REPORT OF THE DIRECTORS
FOR THE YEAR ENDED 31 MARCH 2024

This report has been prepared in accordance with the provisions of Part 15 of the Companies Act 2006 relating to small companies.

ON BEHALF OF THE BOARD:





P Tarleton - Director


25 September 2024

REPORT OF THE INDEPENDENT AUDITORS TO THE MEMBERS OF
CRESTCHEM LIMITED


Opinion
We have audited the financial statements of Crestchem Limited (the 'company') for the year ended 31 March 2024 which comprise the Statement of Comprehensive Income, Balance Sheet, Statement of Changes in Equity and Notes to the Financial Statements, including a summary of significant accounting policies. The financial reporting framework that has been applied in their preparation is applicable law and United Kingdom Accounting Standards, including Financial Reporting Standard 102 'The Financial Reporting Standard applicable in the UK and Republic of Ireland' (United Kingdom Generally Accepted Accounting Practice).
_
In our opinion the financial statements:
-give a true and fair view of the state of the company's affairs as at 31 March 2024 and of its profit for the year then ended;
-have been properly prepared in accordance with United Kingdom Generally Accepted Accounting Practice; and
-have been prepared in accordance with the requirements of the Companies Act 2006.

Basis for opinion
We conducted our audit in accordance with International Standards on Auditing (UK) (ISAs (UK)) and applicable law. Our responsibilities under those standards are further described in the Auditors' responsibilities for the audit of the financial statements section of our report. We are independent of the company in accordance with the ethical requirements that are relevant to our audit of the financial statements in the UK, including the FRC's Ethical Standard, and we have fulfilled our other ethical responsibilities in accordance with these requirements. We believe that the audit evidence we have obtained is sufficient and appropriate to provide a basis for our opinion.

Conclusions relating to going concern
In auditing the financial statements, we have concluded that the directors' use of the going concern basis of accounting in the preparation of the financial statements is appropriate.

Based on the work we have performed, we have not identified any material uncertainties relating to events or conditions that, individually or collectively, may cast significant doubt on the company's ability to continue as a going concern for a period of at least twelve months from when the financial statements are authorised for issue.

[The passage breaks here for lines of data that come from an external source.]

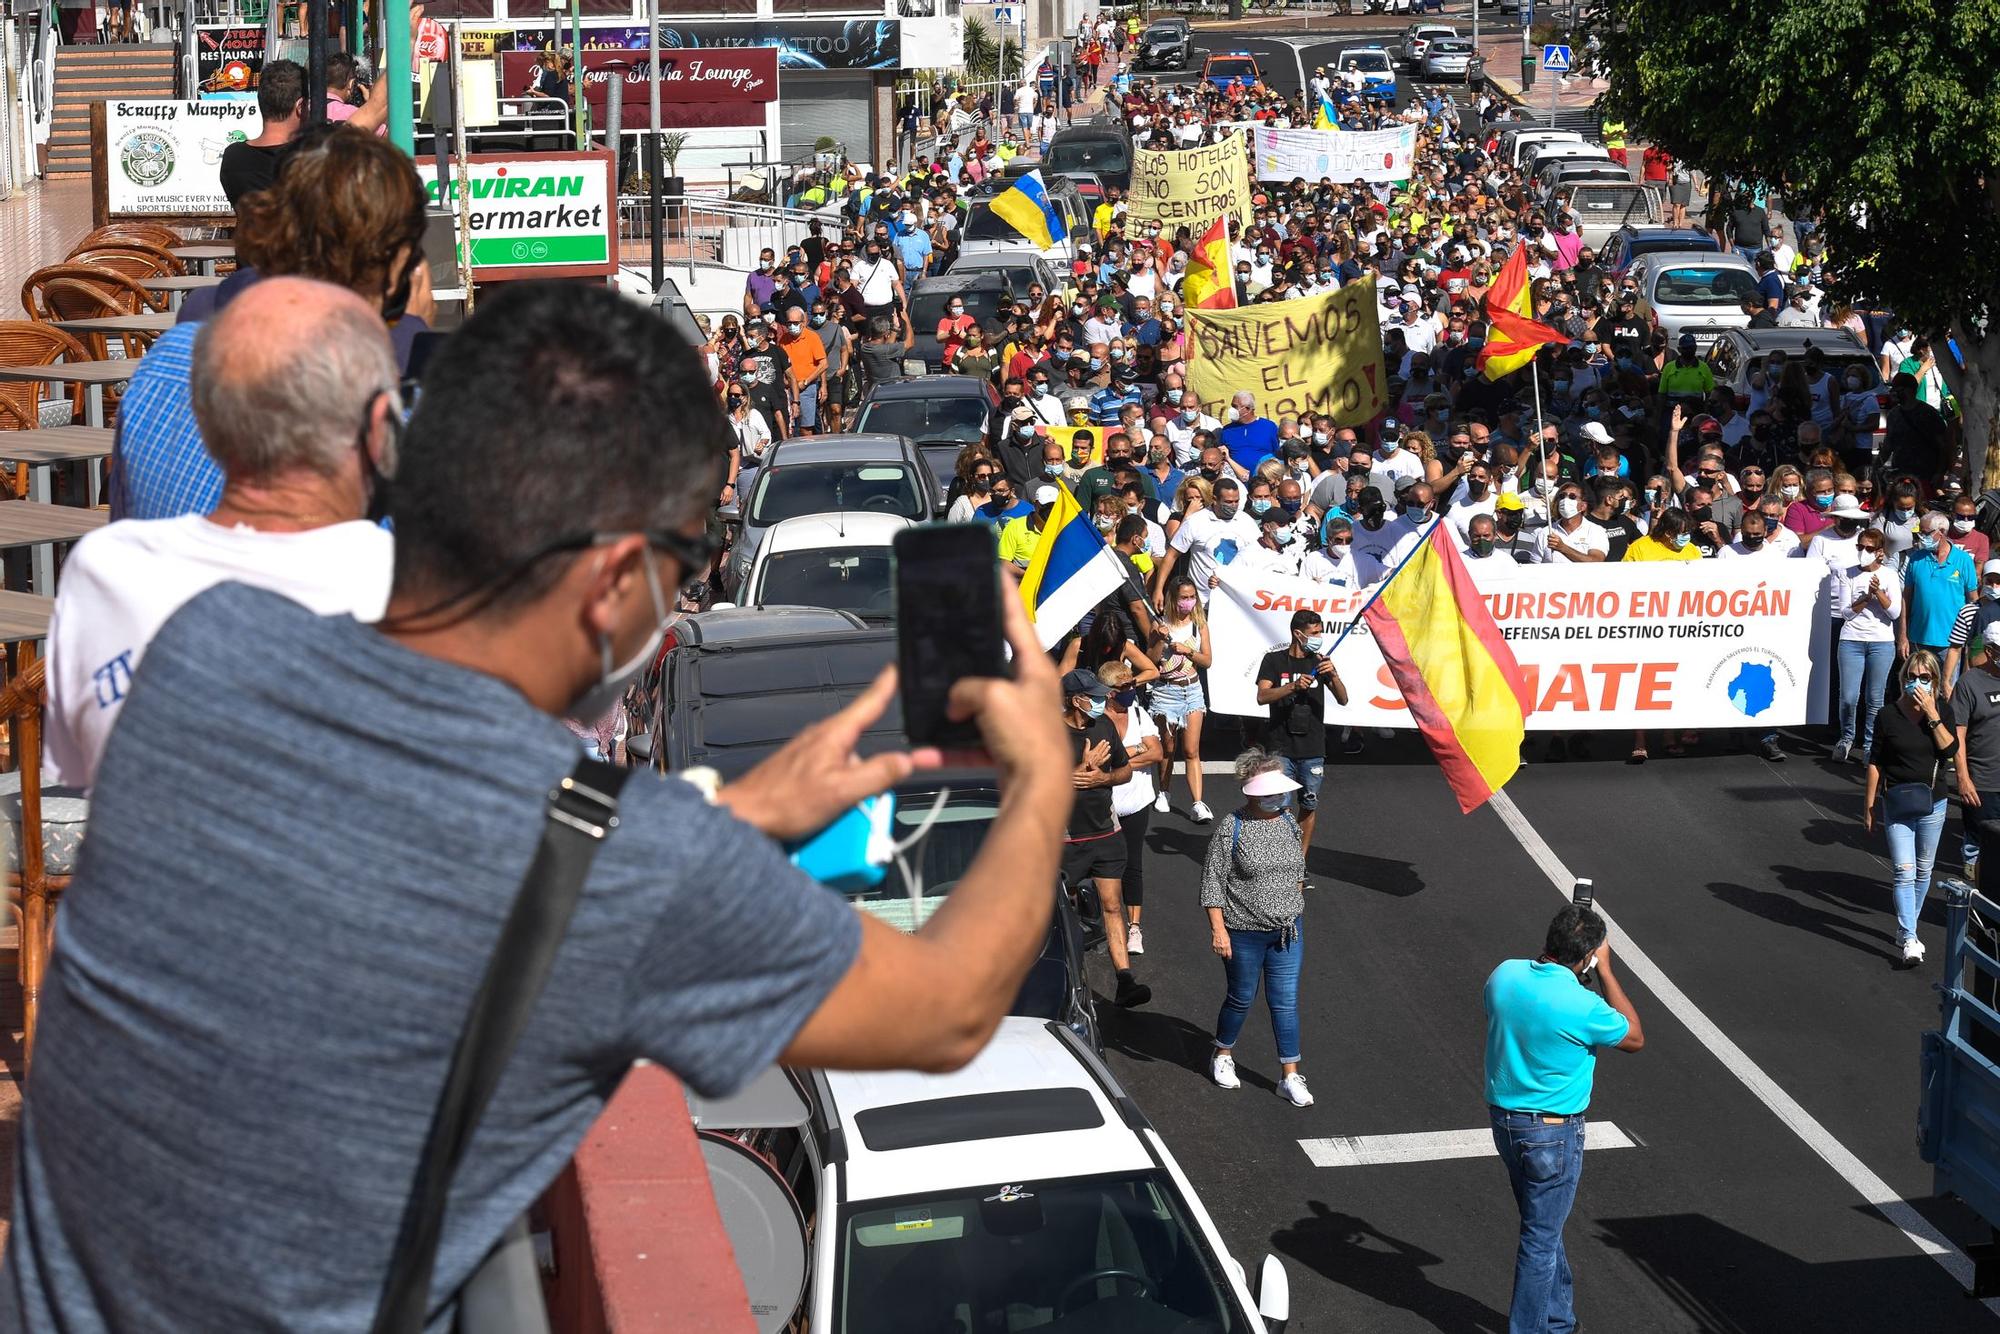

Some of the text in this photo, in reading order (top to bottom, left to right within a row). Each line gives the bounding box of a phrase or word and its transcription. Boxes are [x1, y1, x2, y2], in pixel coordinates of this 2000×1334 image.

[764, 36, 850, 53] TATTOO
[690, 61, 752, 87] Lounge
[117, 102, 257, 120] Scruffy Murphy's
[1144, 154, 1169, 176] LOS
[1178, 140, 1238, 172] HOTELES
[1146, 179, 1170, 200] NO
[1194, 163, 1234, 195] SON
[136, 204, 172, 212] SPORTS
[173, 204, 190, 212] LIVE
[191, 204, 212, 212] NOT
[137, 195, 155, 203] LIVE
[155, 195, 184, 203] MUSIC
[185, 195, 212, 203] EVERY
[1157, 189, 1237, 218] CENTROS
[454, 203, 602, 232] ermarket
[1614, 326, 1640, 338] FILA
[1261, 363, 1308, 392] EL
[1629, 591, 1670, 618] EN
[1677, 581, 1791, 618] MOGÁN
[1564, 626, 1593, 640] DEL
[1597, 625, 1664, 639] DESTINO
[1668, 621, 1745, 639] TURÍSTICO

Our responsibilities and the responsibilities of the directors with respect to going concern are described in the relevant sections of this report.

Other information
The directors are responsible for the other information. The other information comprises the information in the Report of the Directors, but does not include the financial statements and our Report of the Auditors thereon.

Our opinion on the financial statements does not cover the other information and, except to the extent otherwise explicitly stated in our report, we do not express any form of assurance conclusion thereon.

In connection with our audit of the financial statements, our responsibility is to read the other information and, in doing so, consider whether the other information is materially inconsistent with the financial statements or our knowledge obtained in the audit or otherwise appears to be materially misstated. If we identify such material inconsistencies or apparent material misstatements, we are required to determine whether this gives rise to a material misstatement in the financial statements themselves. If, based on the work we have performed, we conclude that there is a material misstatement of this other information, we are required to report that fact. We have nothing to report in this regard.

Opinions on other matters prescribed by the Companies Act 2006
In our opinion, based on the work undertaken in the course of the audit:
- the information given in the Report of the Directors for the financial year for which the financial statements are prepared is consistent with the financial statements; and
- the Report of the Directors has been prepared in accordance with applicable legal requirements.

REPORT OF THE INDEPENDENT AUDITORS TO THE MEMBERS OF
CRESTCHEM LIMITED


Matters on which we are required to report by exception
In the light of the knowledge and understanding of the company and its environment obtained in the course of the audit, we have not identified material misstatements in the Report of the Directors.

We have nothing to report in respect of the following matters where the Companies Act 2006 requires us to report to you if, in our opinion:
- adequate accounting records have not been kept, or returns adequate for our audit have not been received from branches not visited by us; or
- the financial statements are not in agreement with the accounting records and returns; or
- certain disclosures of directors' remuneration specified by law are not made; or
- we have not received all the information and explanations we require for our audit; or
- the directors were not entitled to prepare the financial statements in accordance with the small companies regime and take advantage of the small companies' exemption from the requirement to prepare a Strategic Report or in preparing the Report of the Directors.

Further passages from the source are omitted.